Pictures do not belong in the copy; retype the records below exactly.

* **PROVIDED MATERIAL**:
|---|

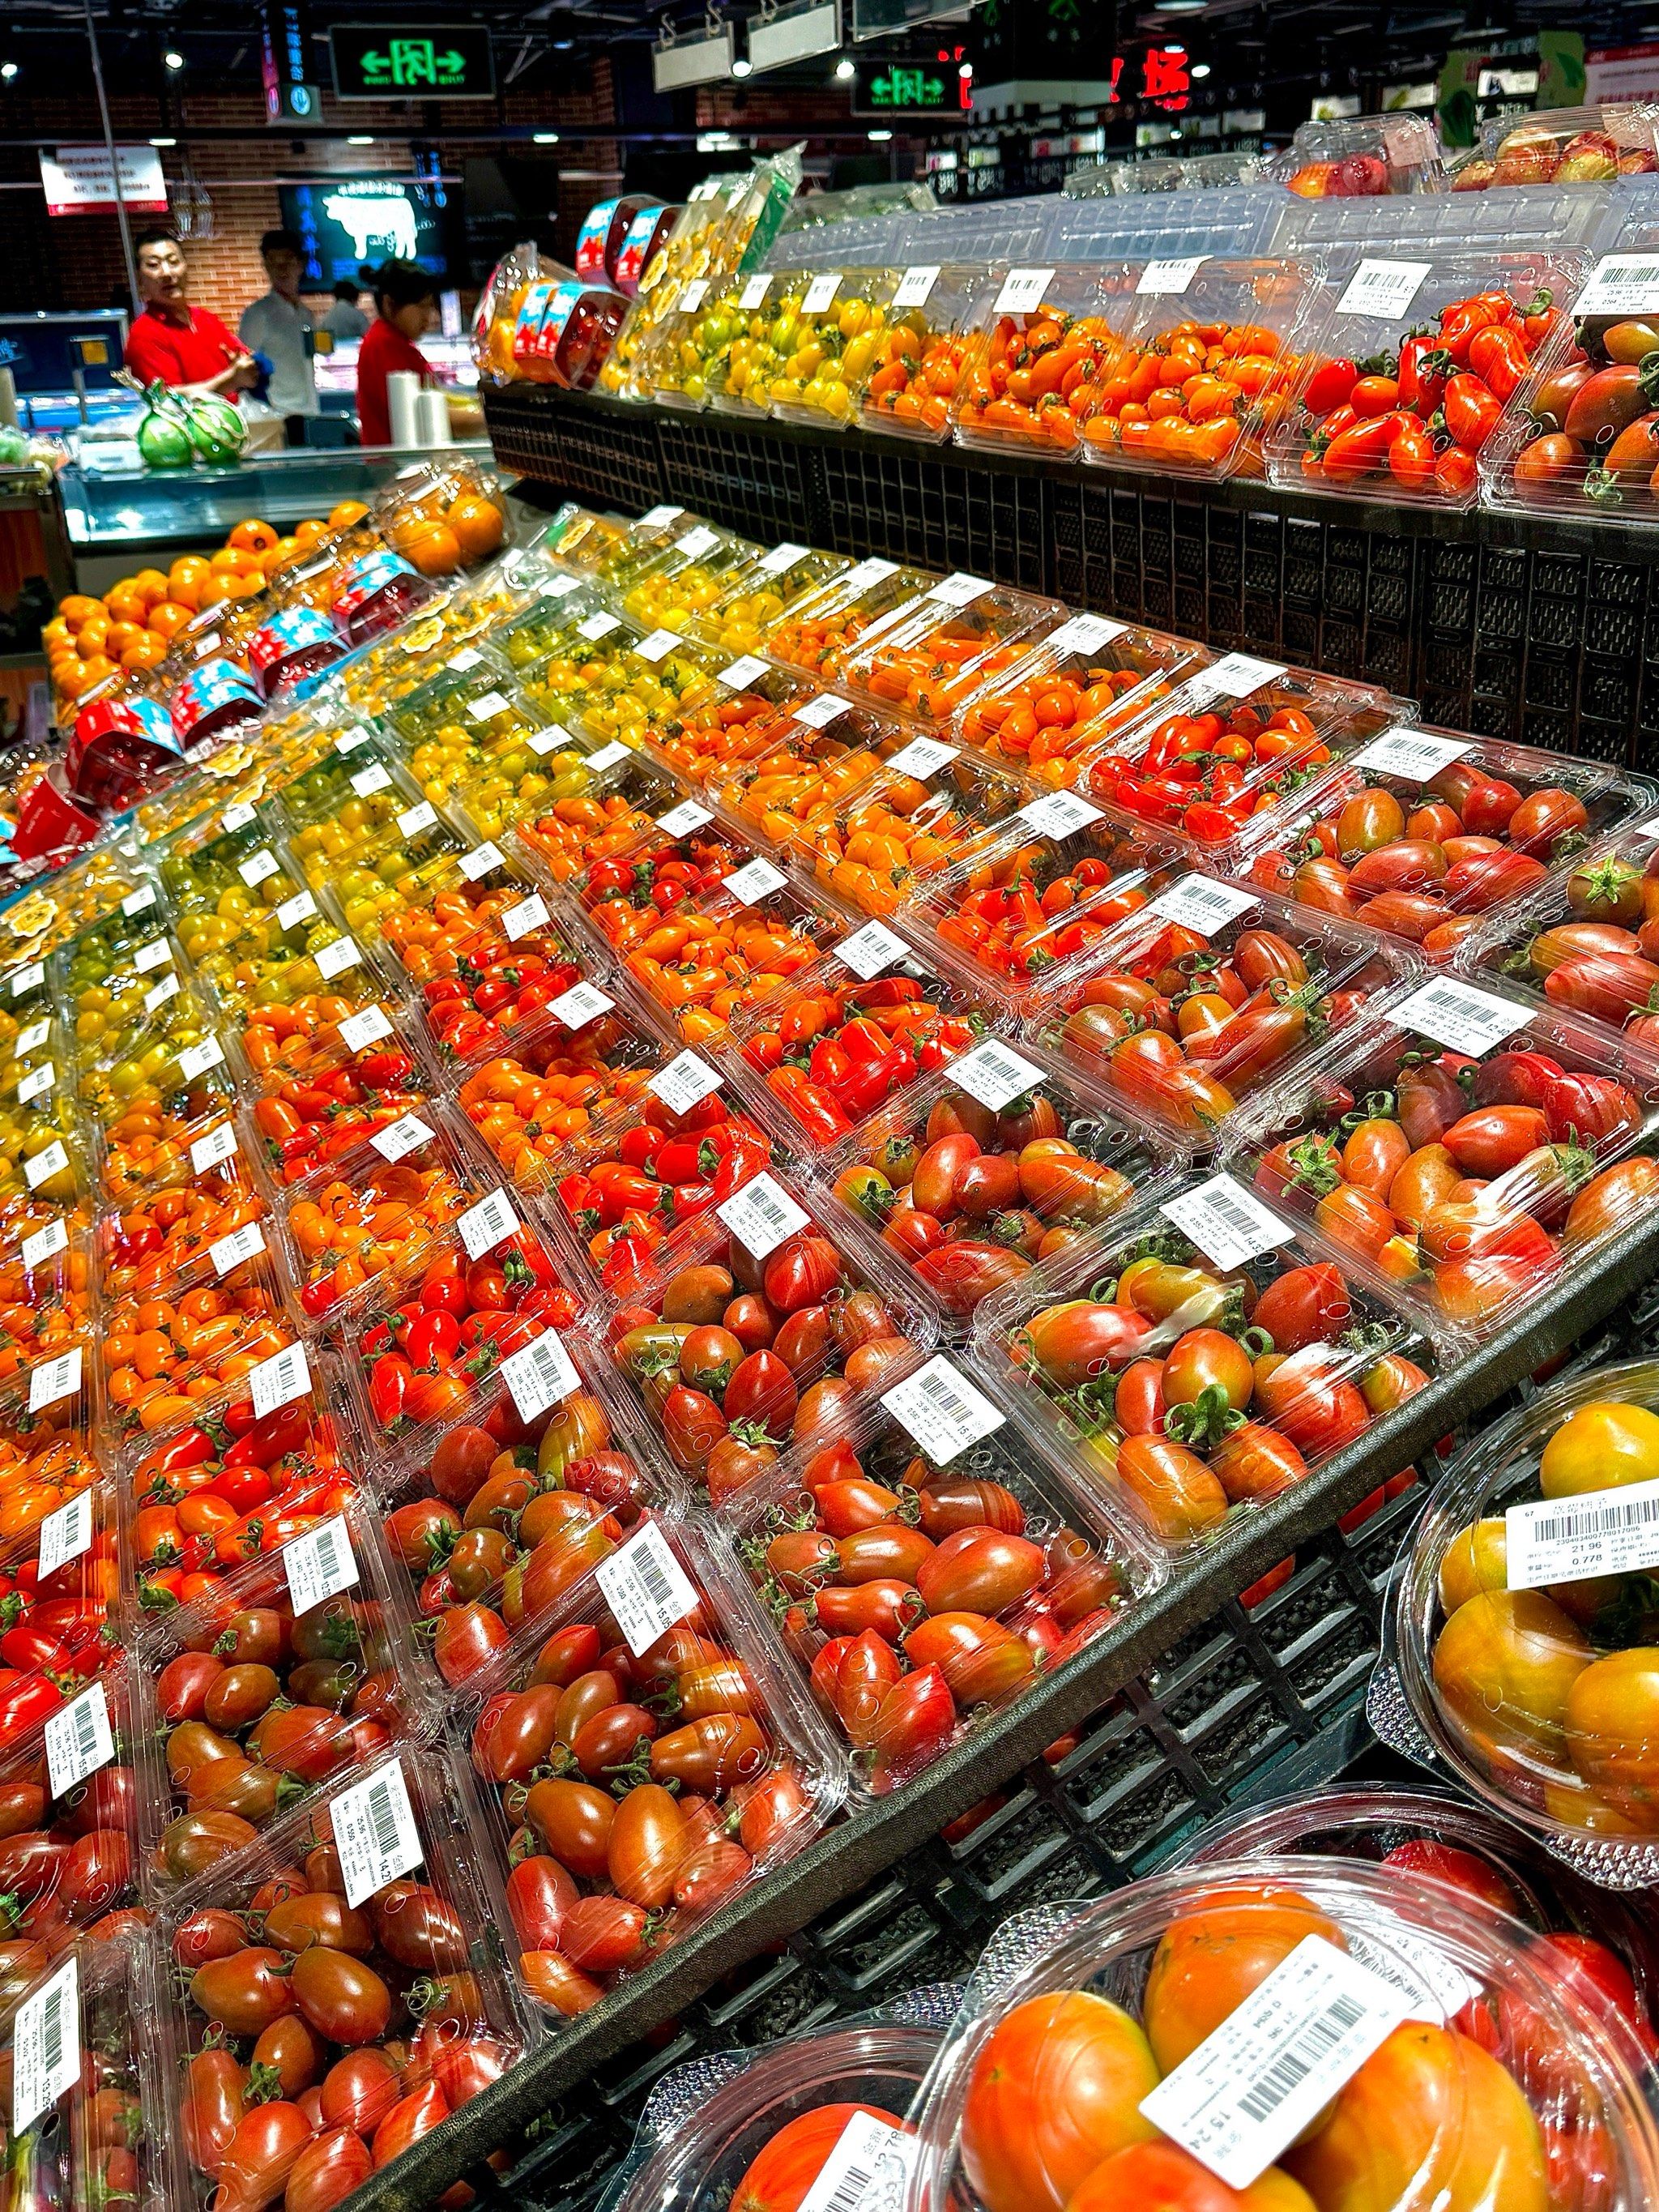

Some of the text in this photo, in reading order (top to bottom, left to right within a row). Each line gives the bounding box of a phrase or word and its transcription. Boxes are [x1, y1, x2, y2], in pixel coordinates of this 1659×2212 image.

[1243, 1236, 1265, 1253] 14.32
[956, 1424, 977, 1444] 15.10
[1524, 1510, 1534, 1518] 67
[1572, 1553, 1602, 1565] 0.778
[655, 1605, 672, 1630] 15.05
[377, 1857, 392, 1885] 14.27
[41, 2076, 50, 2109] 13.29

|---|

* **ANSWER FOR THE TASK**:
Some of the text in this photo, in reading order (top to bottom, left to right within a row). Each line gives the bounding box of a phrase or word and its transcription. Boxes are [x1, y1, x2, y2], in pixel coordinates of this 1659×2212 image.

[1243, 1236, 1265, 1253] 14.32
[956, 1424, 977, 1444] 15.10
[1524, 1510, 1534, 1518] 67
[1572, 1553, 1602, 1565] 0.778
[655, 1605, 672, 1630] 15.05
[377, 1857, 392, 1885] 14.27
[41, 2076, 50, 2109] 13.29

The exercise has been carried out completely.